Matt Weinschenk

The 'Sell America' Trade Is Driving Gold Higher

Dear subscriber,

Nothing can drive prices higher than desperation. And people in Iran are desperate for gold.

According to the Financial Times, black-market gold prices in Iran have shot up 80% over the past year compared with a 45% rise globally.

Now, you may not care what an ounce of gold costs at a Tehran bazaar...

But the factors driving the price of gold in Iran are the same ones driving its price everywhere else across the globe. And they show the kind of desperation that could keep gold's price rising over the next few years.

Put simply, people in Iran are worried...

The country is in talks with the U.S. over a new nuclear deal. But no one knows what that deal will look like. The people of Iran have lived through sanctions before... and it was painful.

Right now, they're desperate for something to protect their wealth. As a result, gold imports in the country have surged.

The head of the Iran-China Chamber of Commerce, Majidreza Hariri, considers gold a weapon Iran can use to defend its economy. As he puts it...

If other countries run their economies like conventional armies, we operate like guerrillas. Today it might be gold, tomorrow [crypto], and so on.

This Iran story is important. This same sort of thinking is happening across the world economy for everyone from individual investors to major central banks.

Things just don't look as certain as they used to.

Much of that, of course, is due to tariffs...

For decades, U.S. stocks, bonds, and the dollar were a sure bet. But when President Donald Trump ignited a global trade war earlier this year, investors started to look at the world order differently.

The U.S. is no longer seen as a reliable or friendly trade partner or the best place to park your cash.

And the U.S. dollar – along with U.S. stocks and bonds – has sold off in what's now called the "sell America" trade.

But that's not all...

The new budget bill working its way through Congress has rattled investors, as well.

We've all heard warnings – again, for decades – about the U.S. fiscal deficit and accumulated debt. For a long time, the warnings seemed overblown. Debt kept rising with no immediate ill effects.

People likely assumed that we'd address the deficit when we needed to.

But after the stimulus bouts in the global financial crisis and the pandemic, America's debt is now completely unsustainable.

The economy is still strong. Typically, that's when it's easier for the government to be fiscally responsible. Yet, Congress still can't get its spending down.

The new budget bill working its way through Congress will add $2.4 trillion to the U.S. debt by 2034.

Now, global markets are rejecting America's spendthrift ways.

They're selling off U.S. Treasurys because they're concerned about America's credit quality. The yield on the 30-year Treasury bond – the benchmark for long-term interest rates – has risen from 4% in September to around 4.9% today... matching levels seen in the great financial crisis.

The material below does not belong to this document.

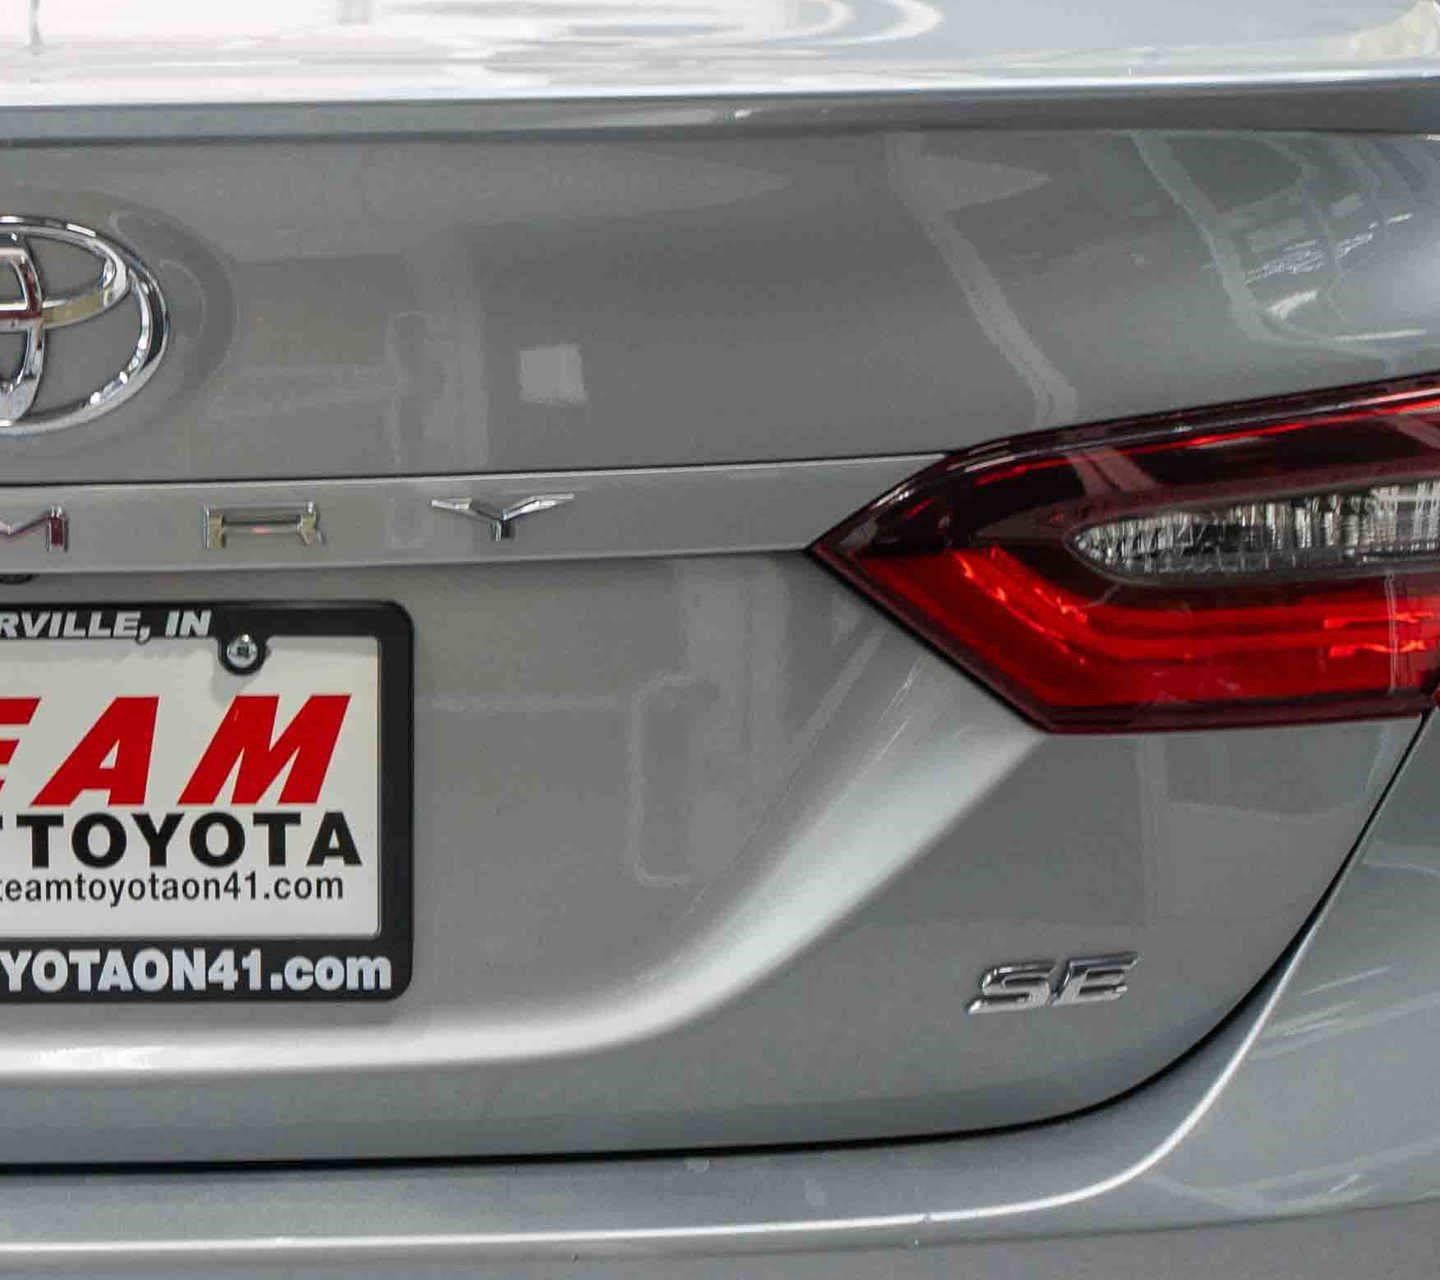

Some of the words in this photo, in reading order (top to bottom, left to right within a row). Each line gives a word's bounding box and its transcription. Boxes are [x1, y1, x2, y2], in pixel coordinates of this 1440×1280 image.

[164, 610, 212, 638] IN
[16, 812, 363, 869] TOYOTA
[964, 950, 1144, 1015] SE

Here's what's more concerning...

Typically, higher interest rates mean a rising dollar. If you can earn more in U.S. bonds, global investors will convert their currency to U.S. dollars so they can buy U.S. Treasurys to earn the higher yield. That drives the value of the dollar up.

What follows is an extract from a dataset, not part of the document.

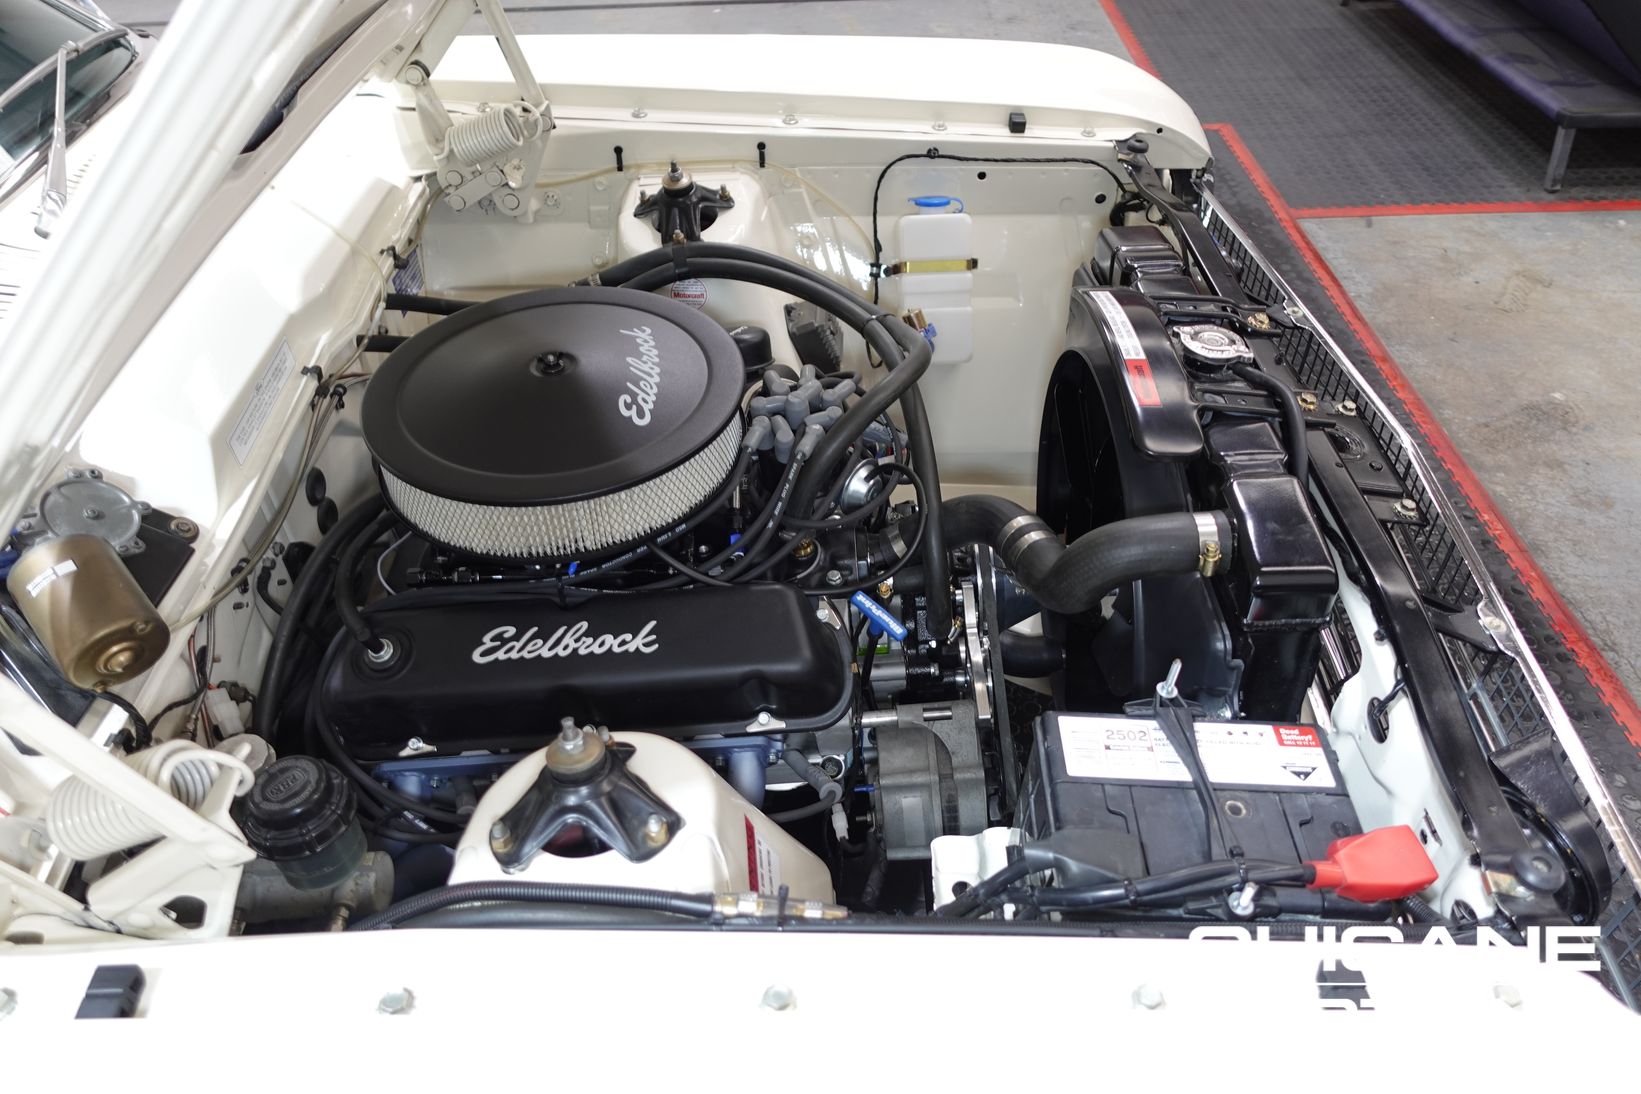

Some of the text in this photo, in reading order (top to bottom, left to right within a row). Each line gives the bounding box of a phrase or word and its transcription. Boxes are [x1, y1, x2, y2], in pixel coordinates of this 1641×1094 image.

But that relationship has broken down...

Put simply, bond yields are rising because investors don't trust U.S. bonds... And the higher yields aren't attracting inflows to the dollar as they usually do.

The dollar's decline, in turn, is driving gold higher... both mechanically and on a demand basis.

Let's start with the mechanical relationship. By that, I mean that anything priced in a currency also reflects the shifting value of that currency.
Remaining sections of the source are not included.